European stocks dropped following a surprisingly weak U.S. manufacturing activity raised worries over the world’s largest economy
European stocks slid on Wednesday after unexpectedly weak U.S. manufacturing activity stoked worries over the world’s largest economy.
The pan-European Stoxx 600 fell 1.3% during morning trade, on course for its largest one-day fall for over two weeks, with basic resources stocks shedding 2.5% to lead losses as all sectors and major bourses traded in the red.
The moves came as investors reflected on weaker-than-anticipated economic data out of the U.S. and German economic research institutes slashing GDP growth forecasts for Europe’s largest economy.
U.S. manufacturing activity tumbled to lows not seen in over a decade, data published Tuesday showed, aggravating worries about a long-running trade dispute between Washington and Beijing.
High-level trade officials from the U.S. and China are expected to hold a fresh round of negotiations next week.
The world’s two largest economies have imposed tariffs on billions of dollars’ worth of one another’s goods since the start of 2018, battering financial markets and souring business and consumer sentiment.

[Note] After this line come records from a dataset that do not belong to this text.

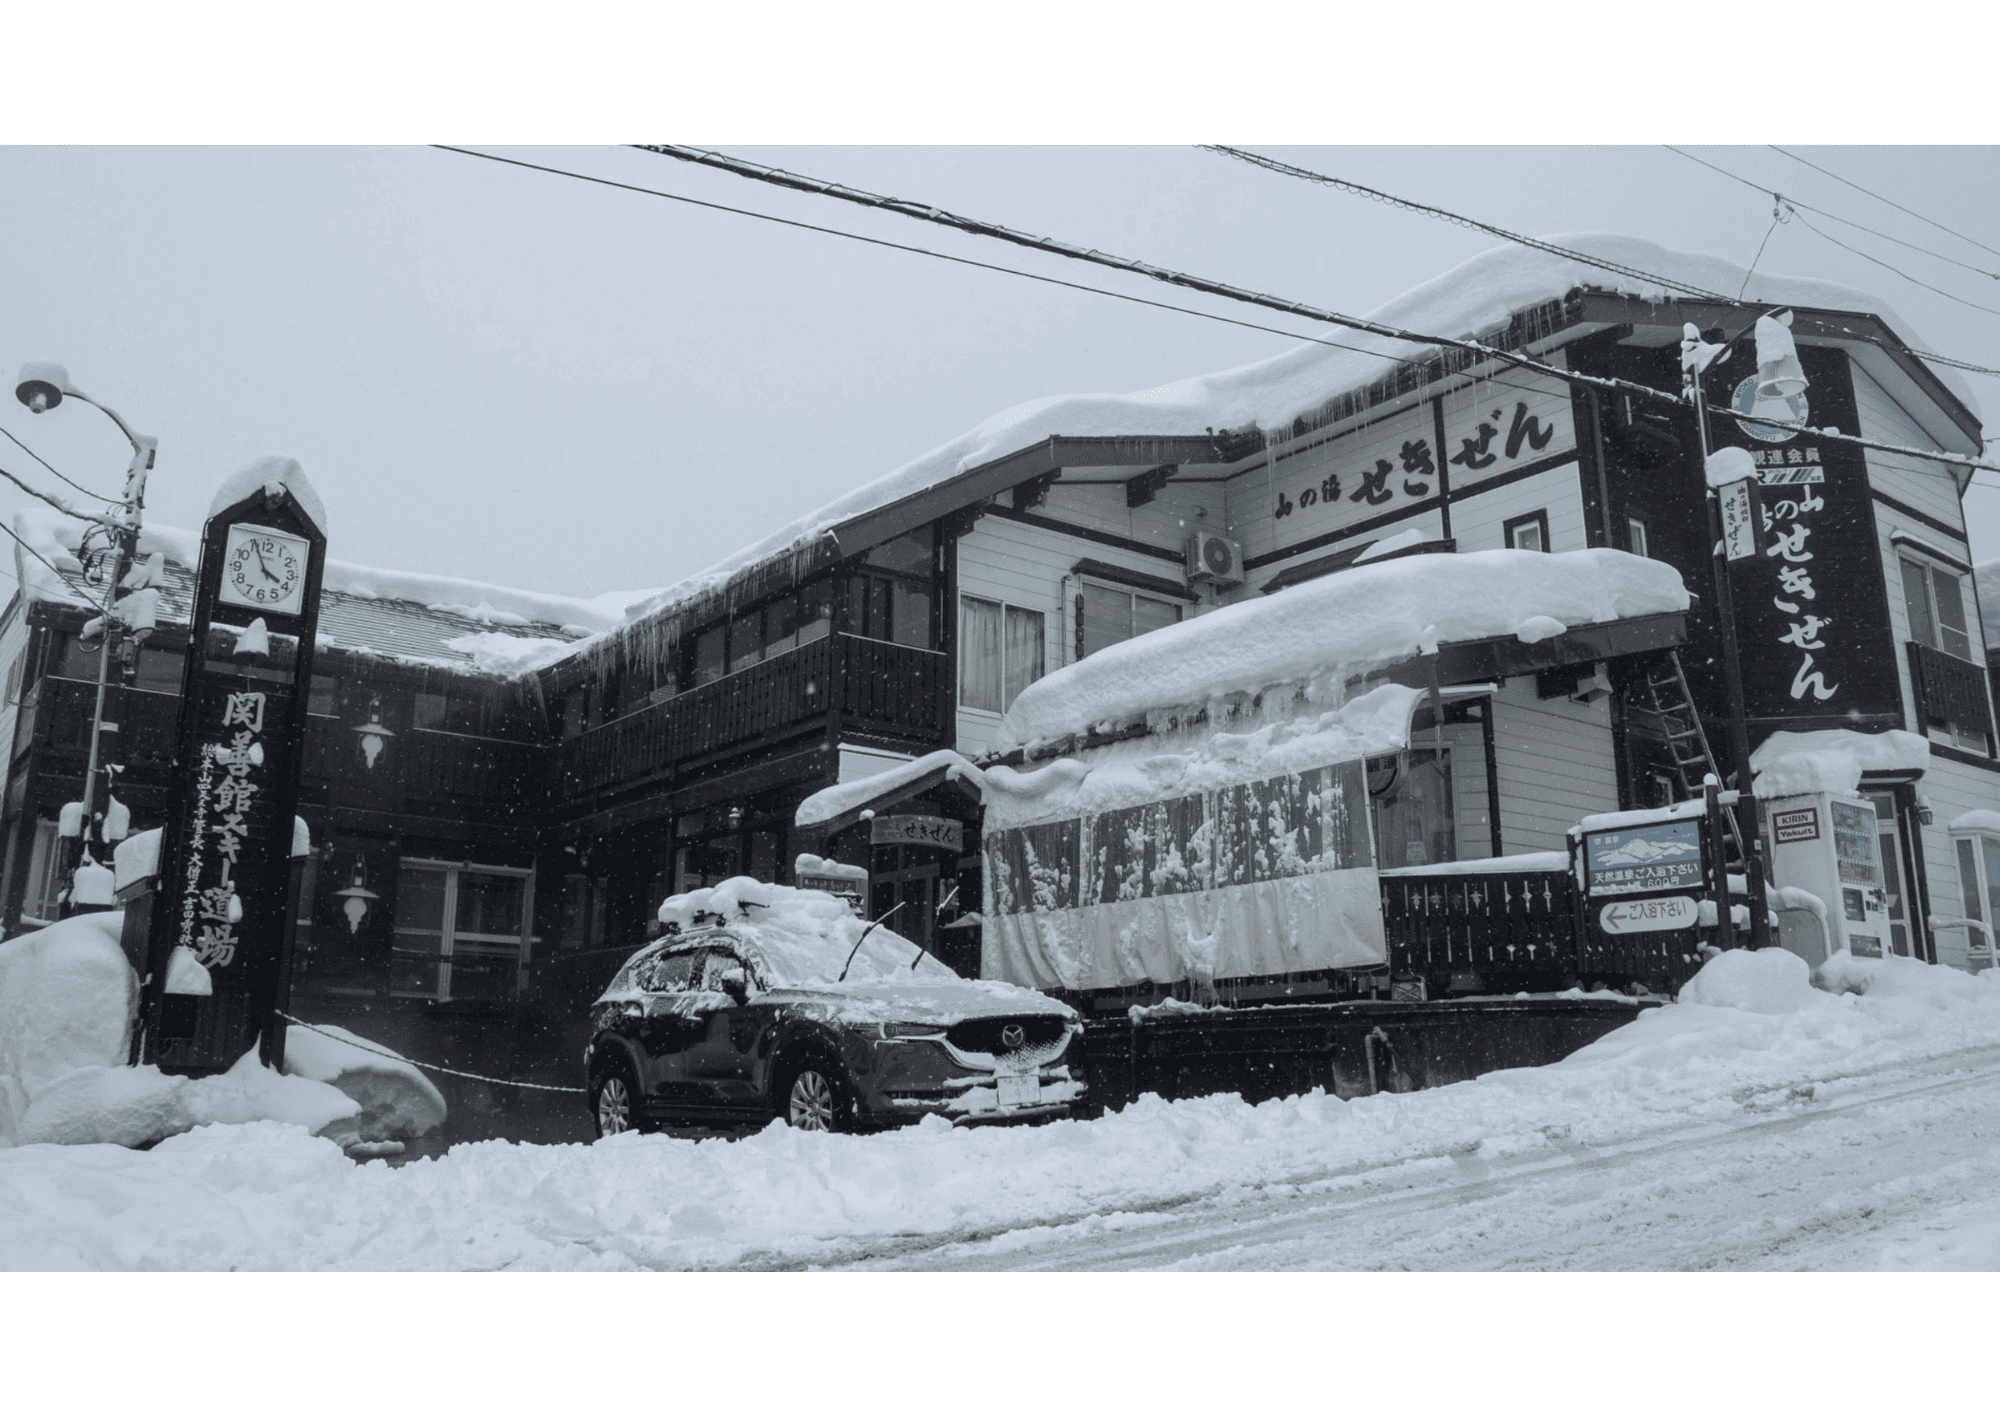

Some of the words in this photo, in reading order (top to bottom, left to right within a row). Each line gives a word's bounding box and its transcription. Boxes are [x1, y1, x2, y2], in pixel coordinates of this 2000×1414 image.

[1349, 402, 1554, 506] せきぜん
[1724, 497, 1742, 557] せきぜん
[262, 541, 274, 553] 12
[237, 549, 250, 561] 10
[233, 561, 242, 572] 9
[284, 557, 293, 568] 2
[236, 572, 245, 584] 8
[286, 570, 294, 581] 3
[245, 584, 254, 594] 7
[281, 581, 289, 592] 4
[256, 589, 265, 600] 6
[270, 588, 279, 599] 5
[1766, 523, 1840, 700] せきぜん
[1781, 813, 1809, 825] KIRIN
[195, 692, 267, 968] 関善館スキー道場
[905, 822, 955, 843] せきぜん
[1780, 828, 1814, 839] Yakult
[1593, 858, 1699, 884] 天然温泉ご入浴下さい
[1629, 900, 1687, 920] ご入浴下さい

Leading German economic institutes on Wednesday revised down German GDP growth for 2019 from 0.8% to 0.5% and cut 2020 projections from 1.8% to 1.1%, citing a manufacturing slowdown and high downside risks resulting from the trade war and Brexit uncertainty.

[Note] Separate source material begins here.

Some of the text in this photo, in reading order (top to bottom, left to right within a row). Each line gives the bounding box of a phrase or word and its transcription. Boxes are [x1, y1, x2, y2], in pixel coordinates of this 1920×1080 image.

In Europe, British Prime Minister Boris Johnson is expected to unveil his final Brexit offer to the European Union on Wednesday.

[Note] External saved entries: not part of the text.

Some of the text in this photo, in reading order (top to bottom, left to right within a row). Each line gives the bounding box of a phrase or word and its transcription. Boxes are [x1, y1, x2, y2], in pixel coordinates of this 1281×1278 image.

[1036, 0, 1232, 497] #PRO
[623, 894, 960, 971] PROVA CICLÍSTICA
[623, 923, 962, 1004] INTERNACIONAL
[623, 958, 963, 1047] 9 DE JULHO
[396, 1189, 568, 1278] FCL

Early reports from the BBC indicated that the proposal will include extra customs checks, a bigger role for the Northern Ireland Assembly and a time limit for Northern Ireland’s different relationship with the EU, relating to the controversial Irish “backstop.”
Reuters has reported EU sources as suggesting that if the proposed deal is as reported, the EU will reject it.
Sterling traded down around 0.1% at 1.2235 at around 10:55 a.m. London time.
Shares of German business bank Grenke jumped 6.4% after a promising 9-month business update, while Carl Zeiss Meditec shares climbed 4.4% after the German medical technology company upgraded its guidance on stronger-than-expected sales.
British baker Greggs also gained 4% as investors looked to capitalize on its low share price following Tuesday’s plunge.
At the other end of the Stoxx 600, Finnish machinery company Metso fell 5.9% after its acquisition of Canada’s McCloskey International. British online broker Hargreaves Lansdown also saw its shares fall 5%.